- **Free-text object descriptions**
◆ ◆ ◆
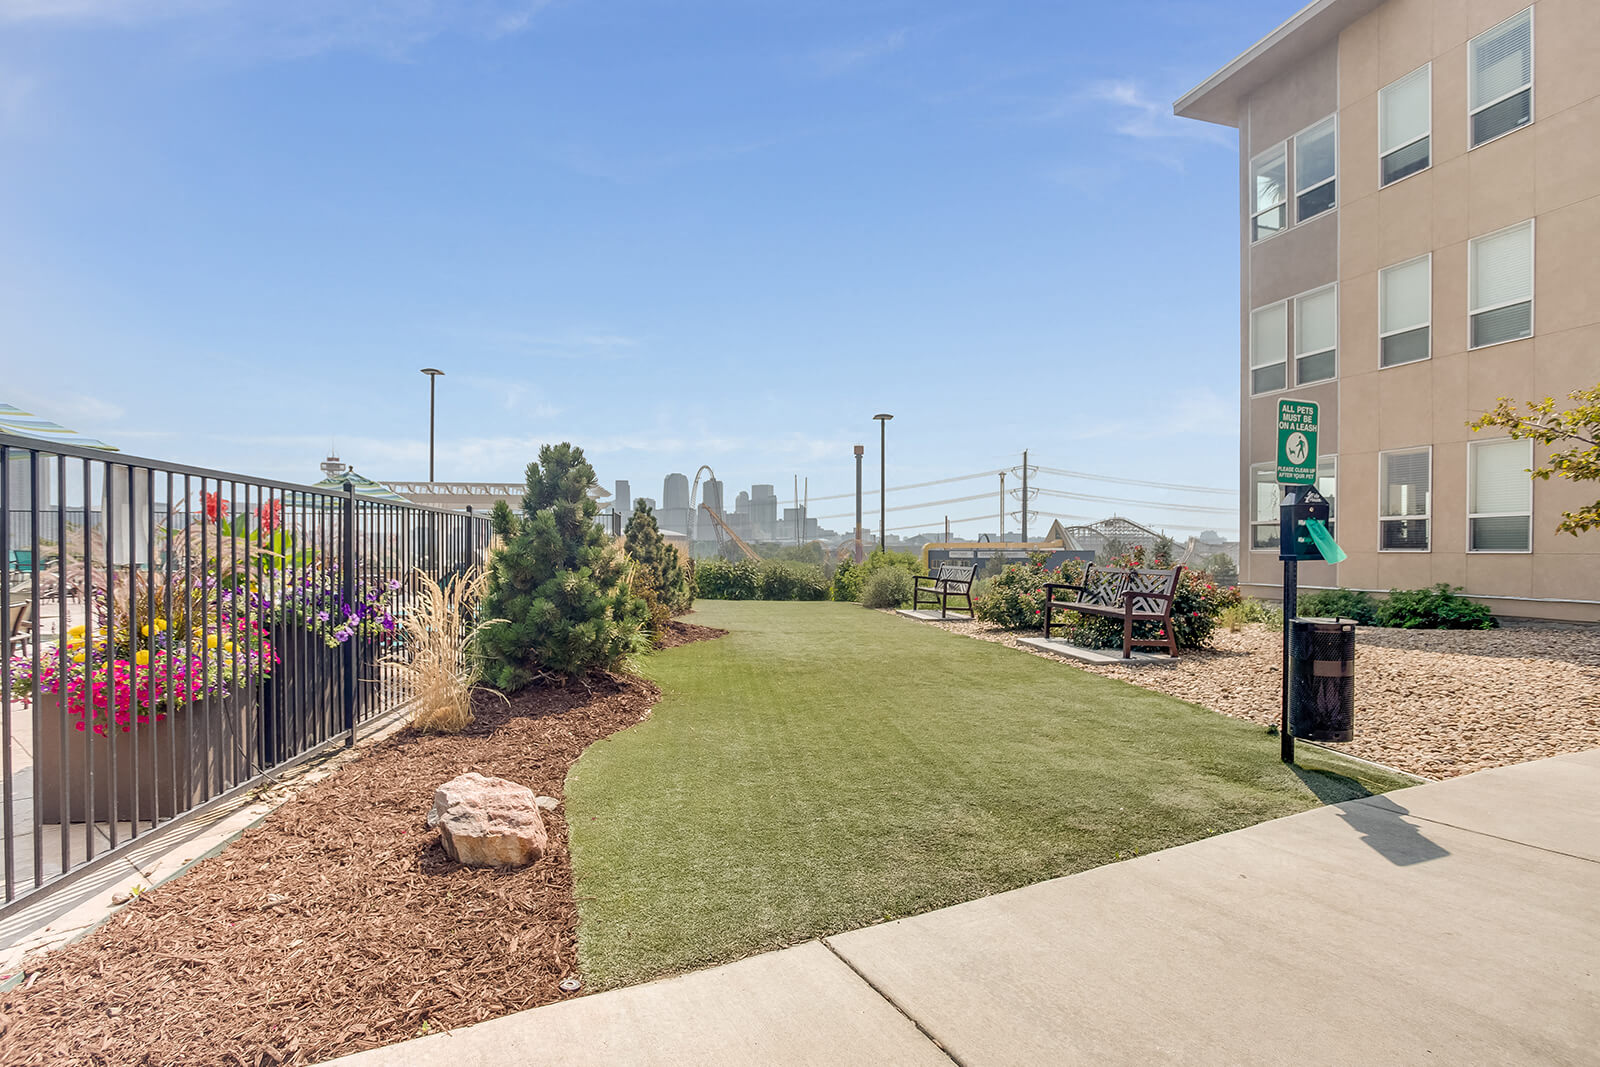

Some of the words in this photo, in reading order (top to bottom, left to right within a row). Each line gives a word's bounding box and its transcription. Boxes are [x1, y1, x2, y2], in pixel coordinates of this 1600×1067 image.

[1282, 404, 1295, 413] ALL
[1296, 406, 1314, 414] PETS
[1282, 413, 1301, 422] MUST
[1279, 421, 1289, 430] ON
[1296, 423, 1318, 432] LEASH
◆ ◆ ◆
- **WORK ITEM**
Please set down every record exactly as it appears, leaving out the pictures.

- **YOUR SOLUTION**
Some of the words in this photo, in reading order (top to bottom, left to right within a row). Each line gives a word's bounding box and its transcription. Boxes are [x1, y1, x2, y2], in pixel coordinates of this 1600×1067 image.

[1282, 404, 1295, 413] ALL
[1296, 406, 1314, 414] PETS
[1282, 413, 1301, 422] MUST
[1279, 421, 1289, 430] ON
[1296, 423, 1318, 432] LEASH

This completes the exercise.